▸ PROBLEM DESCRIPTION
Return all of the entries exactly, but do not include the pictures.

▸ INPUT RECORDS
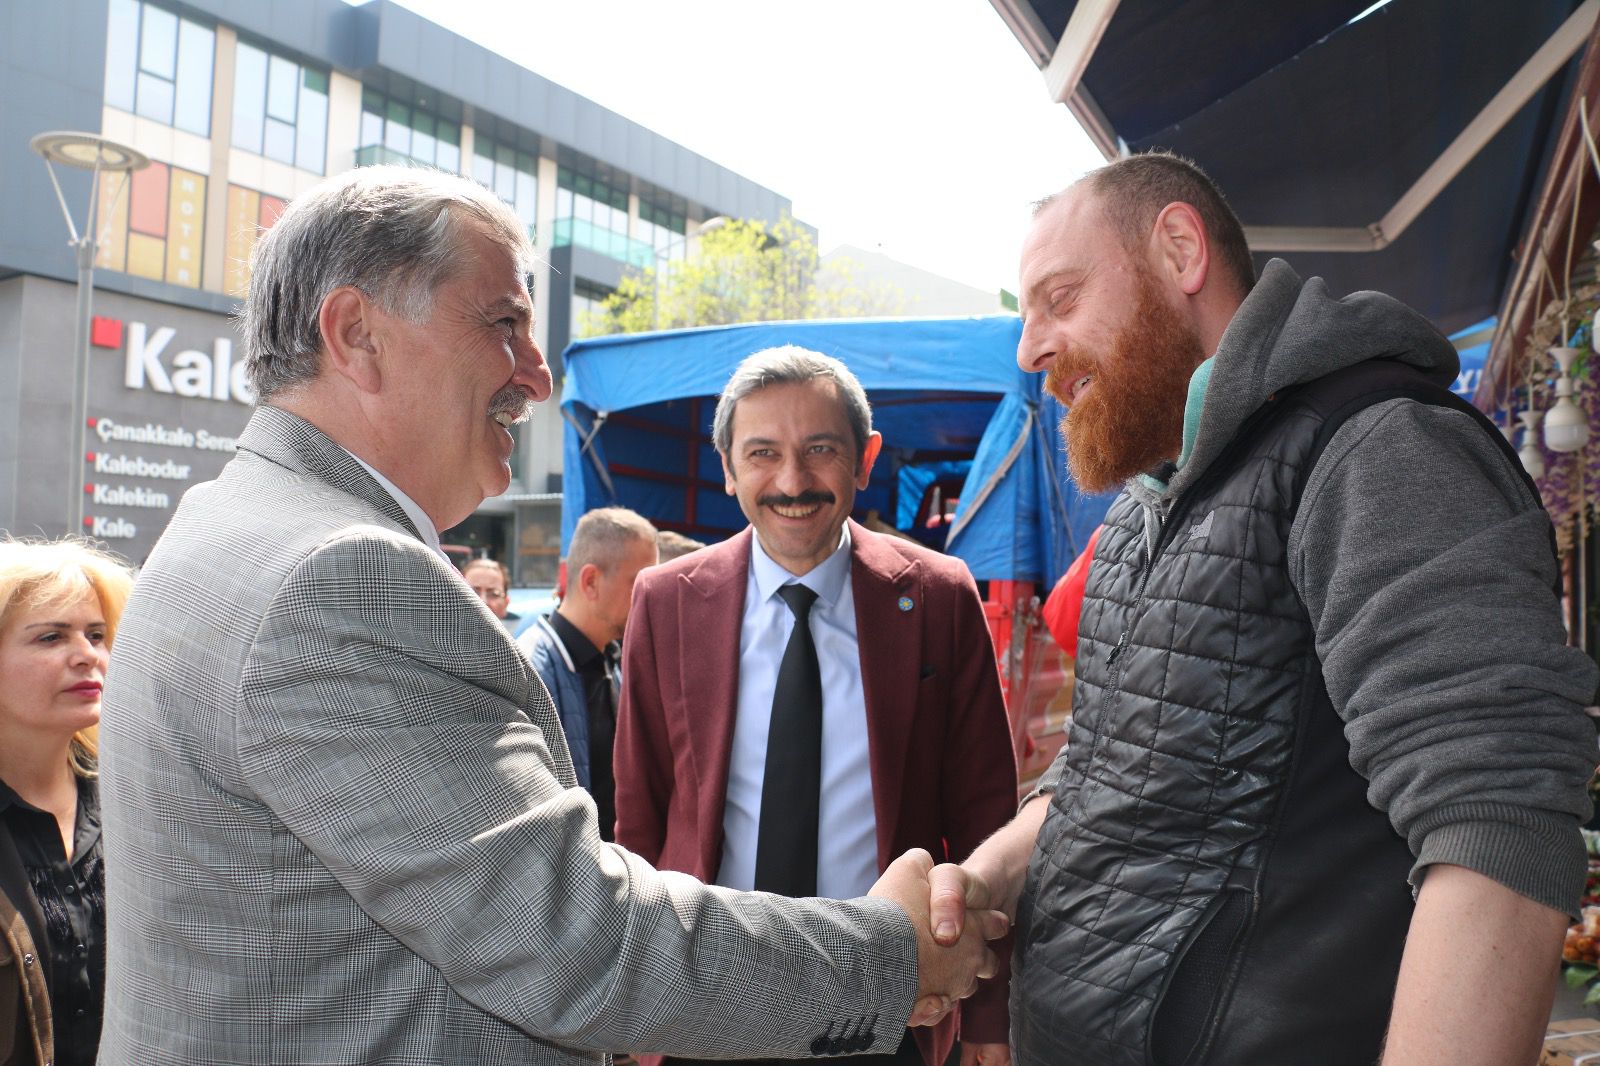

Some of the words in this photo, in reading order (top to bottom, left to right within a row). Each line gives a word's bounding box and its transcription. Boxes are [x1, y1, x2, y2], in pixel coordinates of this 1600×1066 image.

[96, 418, 194, 448] Çanakkale
[195, 429, 238, 452] Sera
[95, 452, 191, 479] Kalebodur
[93, 484, 168, 508] Kalekim
[92, 516, 136, 538] Kale

▸ ANSWER TO THIS PROBLEM
Some of the words in this photo, in reading order (top to bottom, left to right within a row). Each line gives a word's bounding box and its transcription. Boxes are [x1, y1, x2, y2], in pixel coordinates of this 1600×1066 image.

[96, 418, 194, 448] Çanakkale
[195, 429, 238, 452] Sera
[95, 452, 191, 479] Kalebodur
[93, 484, 168, 508] Kalekim
[92, 516, 136, 538] Kale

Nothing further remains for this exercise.